At Affinity, did you need to restructure your approach or services in any way to meet these needs in the shifted foodservice climate?
We were calling on four hundred customers (restaurant operators) a week, not including the retail side of our business. Our change came in doing a lot of live-streaming training sessions. We made arrangements to get fresh samples safely and quickly to customers and then arrange a time where one of our chefs, our reps and the customer could do a virtual session on prep, features and benefits, etc. That’s been a huge shift for us.
We’re increasing our marketing initiatives and determining further efficient ways of getting information to more customers. We also have more chefs on staff than ever. Also, we currently have a connection with Canada Takeout and are as committed as ever to keep on pushing the initiative because I believe it’s as important today as it was on March 14th.
As older businesses reopen, and new ones continue to pop up, how do you see Affinity and its clients best bouncing back and rising to new opportunities and challenges?
As the business is still shrinking a bit, manufacturers and clients are looking at making sure their costs are reduced or balanced. We are a very cost-efficient way of getting a supplier’s news out to the trade. So, for us, it’s an opportunity because our services are an effective way of getting products to market all while delivering messaging coast-to-coast very easily.

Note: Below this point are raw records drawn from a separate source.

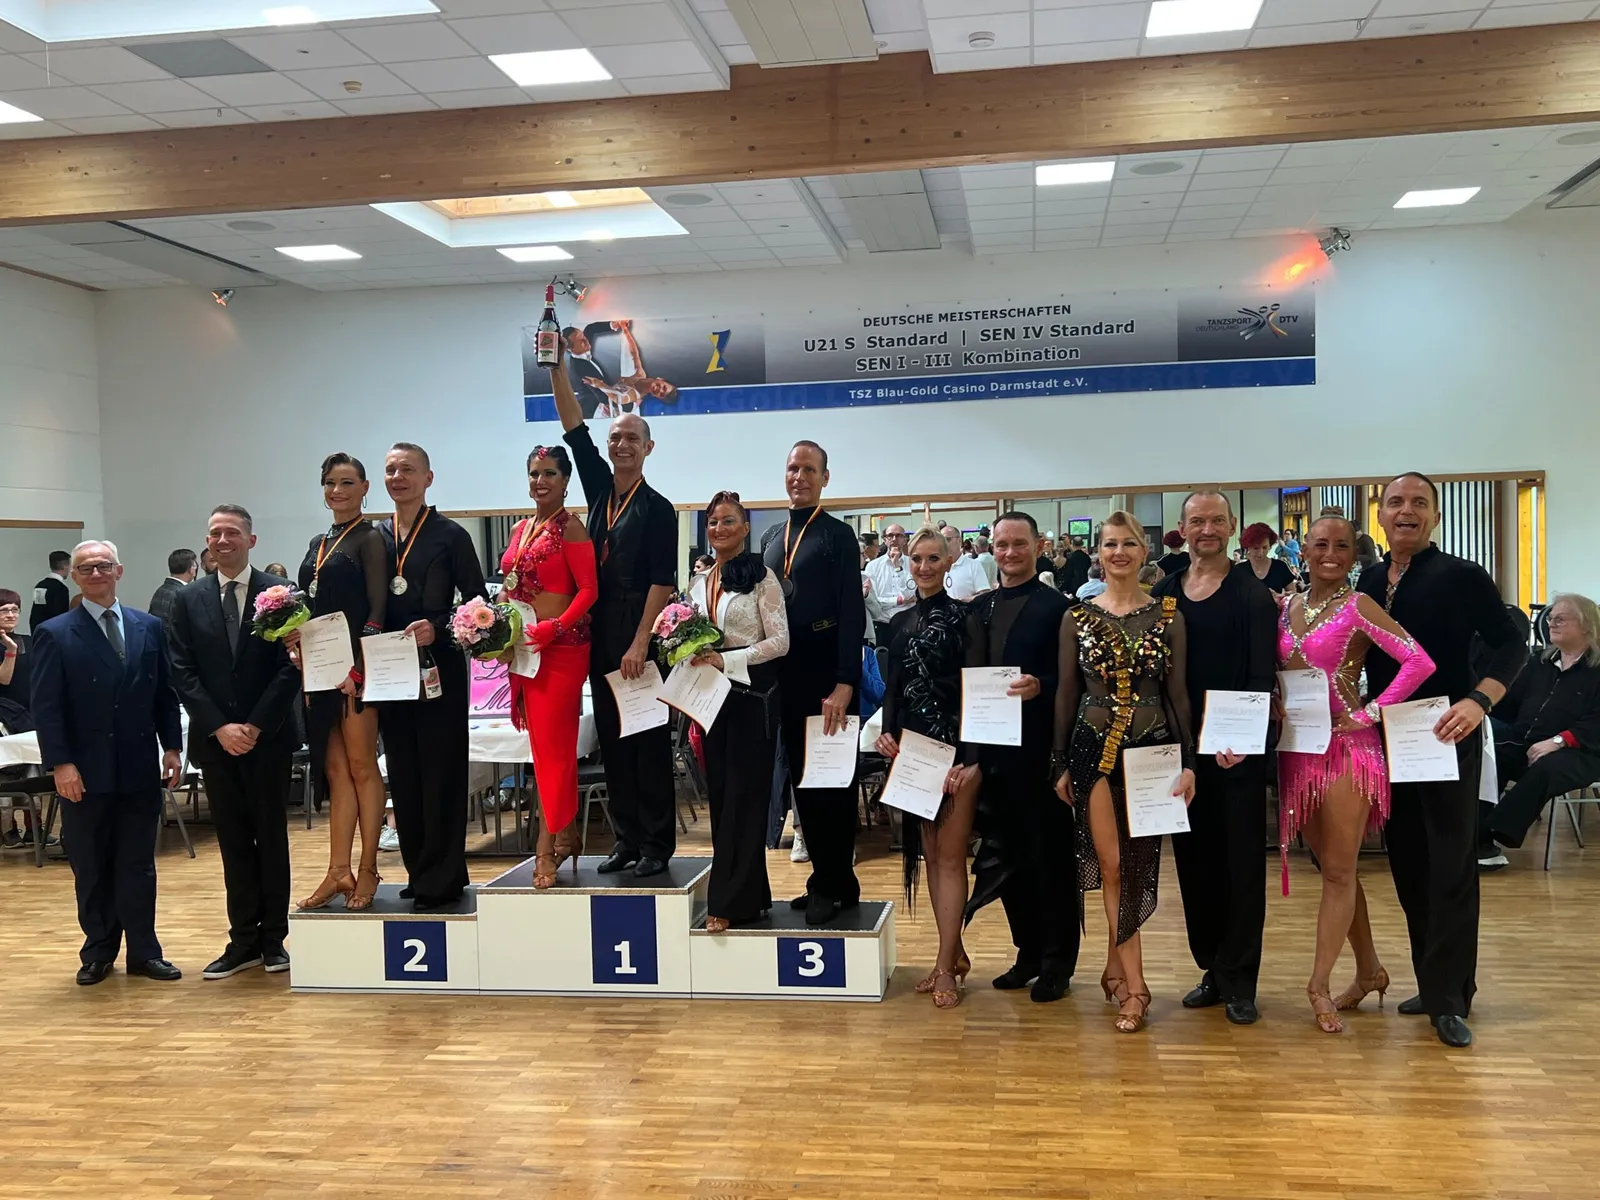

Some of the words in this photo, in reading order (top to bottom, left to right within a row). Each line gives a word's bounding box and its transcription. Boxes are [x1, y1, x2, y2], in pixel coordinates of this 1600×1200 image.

[863, 313, 934, 328] DEUTSCHE
[938, 305, 1071, 322] MEISTERSCHAFTEN
[1196, 323, 1240, 332] DEUTSCHLAND
[1207, 317, 1252, 326] TANZSPORT
[1279, 315, 1298, 324] DTV
[804, 338, 838, 352] U21
[844, 337, 855, 350] S
[866, 331, 948, 349] Standard
[979, 326, 1016, 342] SEN
[1022, 325, 1044, 340] IV
[1049, 320, 1135, 338] Standard
[856, 356, 891, 372] SEN
[897, 356, 906, 370] I
[925, 353, 951, 368] III
[962, 347, 1080, 366] Kombination
[849, 389, 872, 399] TSZ
[876, 385, 938, 398] Blau-Gold
[943, 383, 985, 394] Casino
[990, 379, 1059, 391] Darmstadt
[1063, 377, 1088, 388] e.V.
[402, 938, 430, 973] 2
[613, 940, 638, 975] 1
[797, 941, 826, 977] 3
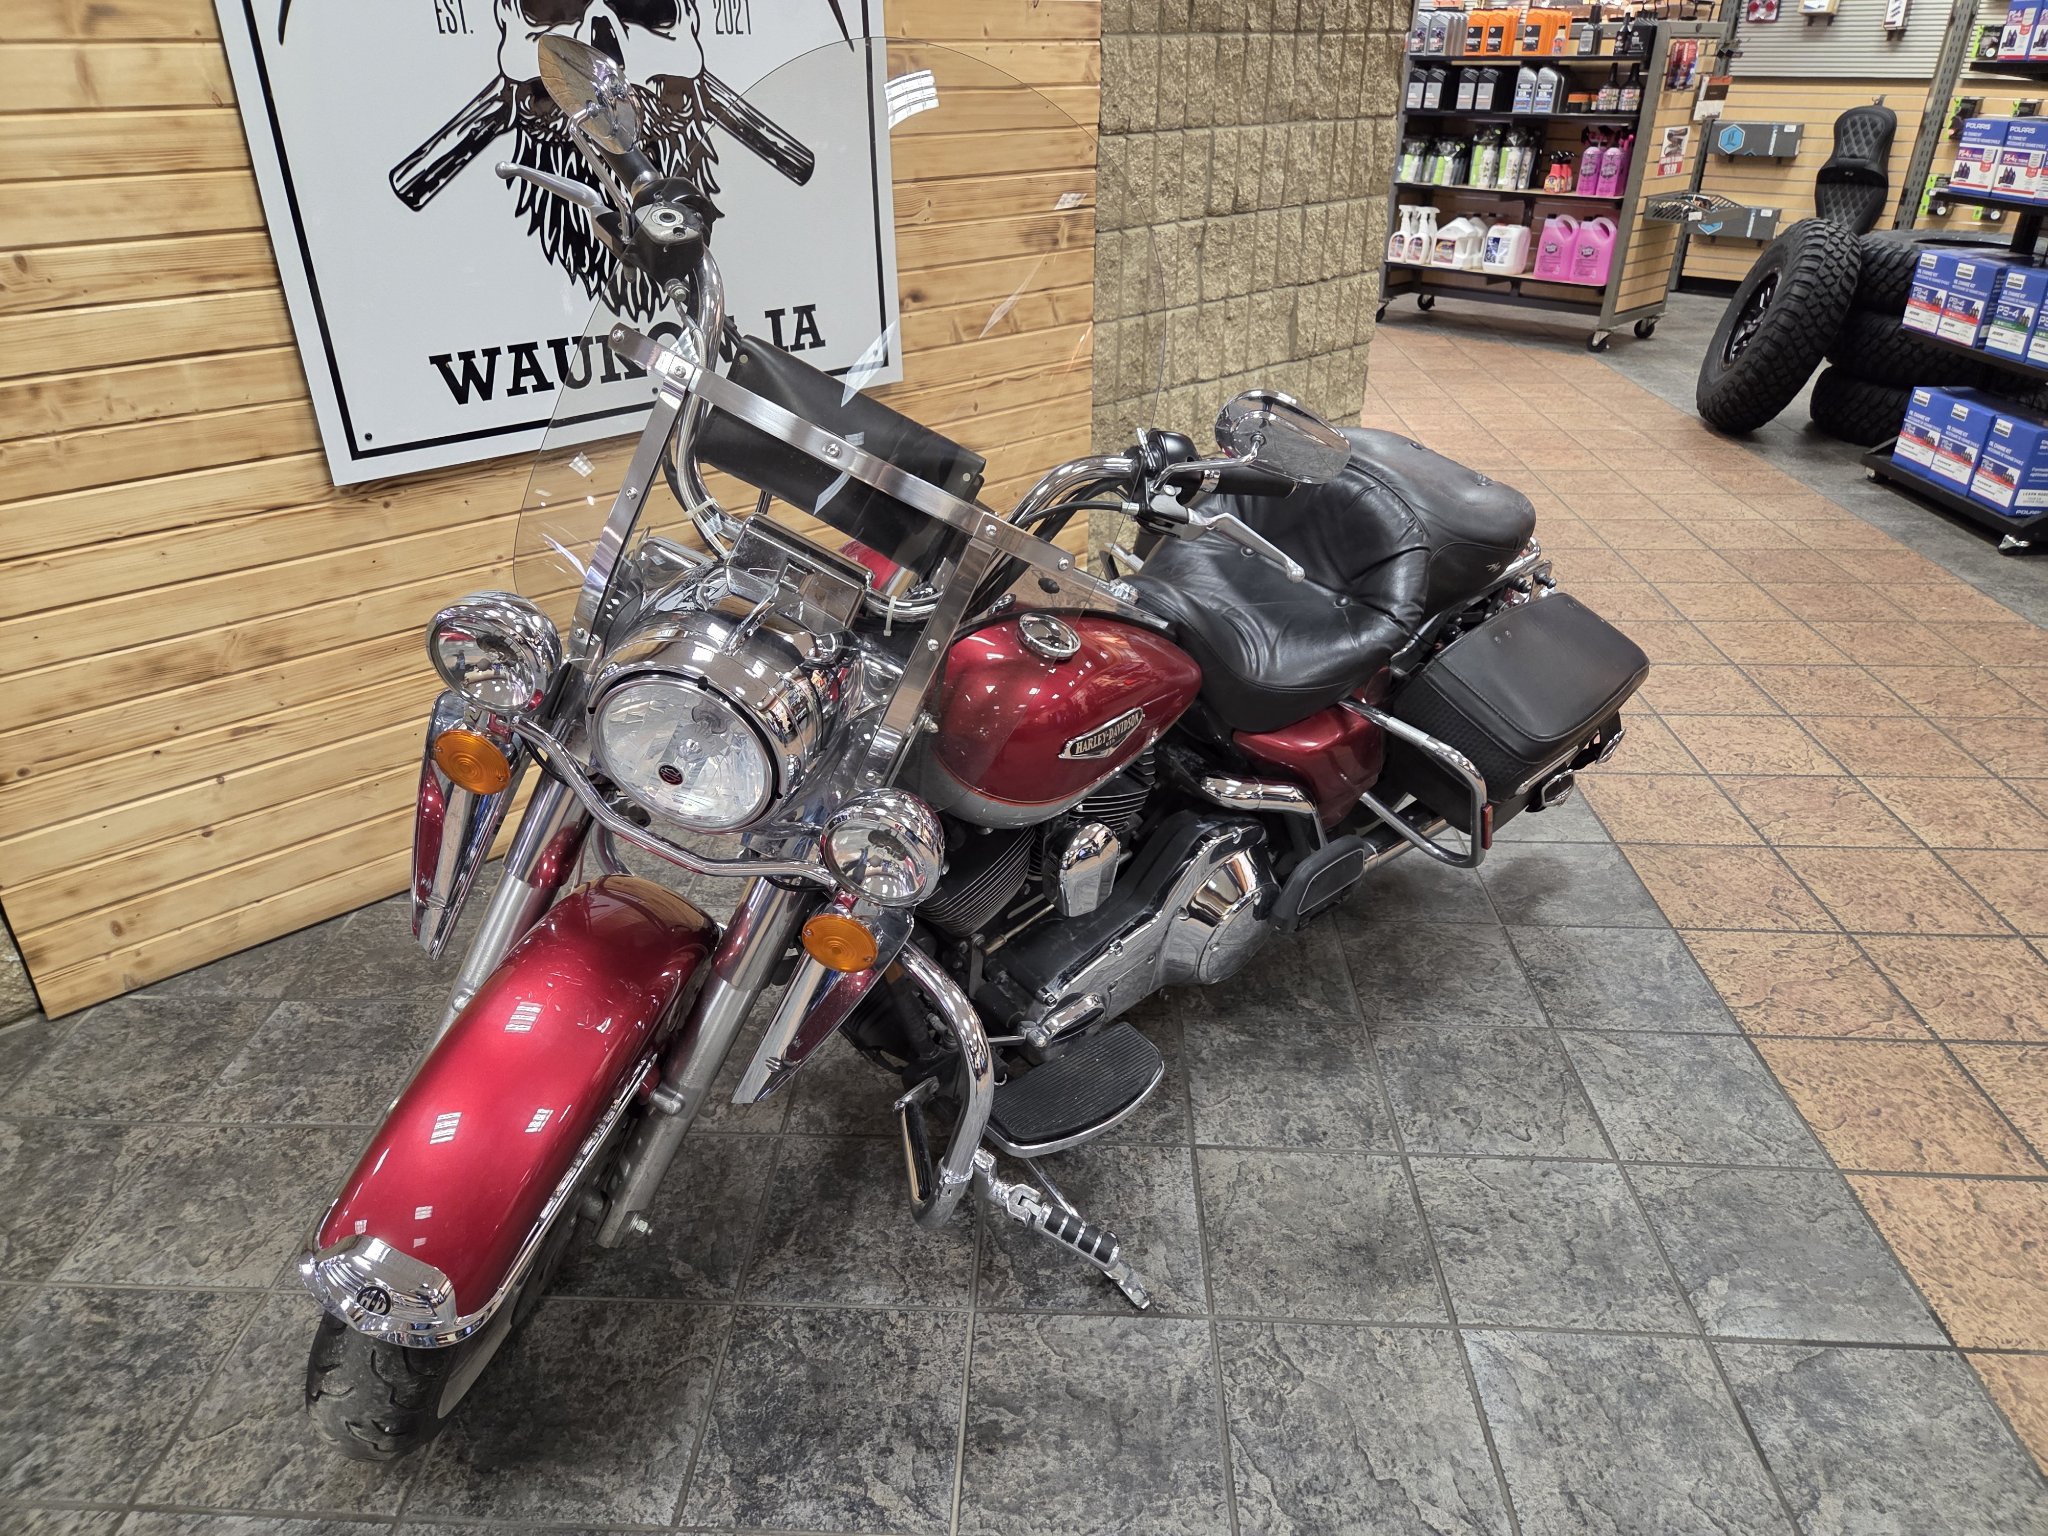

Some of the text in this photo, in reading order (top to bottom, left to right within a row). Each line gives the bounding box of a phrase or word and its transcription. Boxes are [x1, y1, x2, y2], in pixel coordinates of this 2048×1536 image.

People are trying to control their expenses and by using agencies such as ourselves, we can put them in check. There are going to be a lot more manufacturers who will need to reinvent themselves and are going to kick the tires more than they ever would have. That’s where we come in.
How can restaurateurs best maximize their efforts when opening doors for the first time, or reopening their doors after any emergency situation?
Like any good business people, they’re going to need to reinvent themselves. In the restaurant business, it’s already a tough space at the best of times, with very low margins. Folks were closing their doors already well before the whole COVID crisis. I think that the ones who are nimble are already paying attention to what customers are saying and a lot will be said for shrinking menus. Restaurateurs who understand the business are prepared more than ever to put quality over price, and those are the ones who are going to survive.
When you’re ordering food, your choices are bigger than before. Instead of being limited to the choices just around the block, you now have digital ordering capabilities and can order from basically anywhere. Businesses need to stand out somehow among this and I suspect that quality will trump price. If you order something online, you’ll likely forget how much you paid for it, but you’re likely to remember if it was a good quality meal or something you really enjoyed.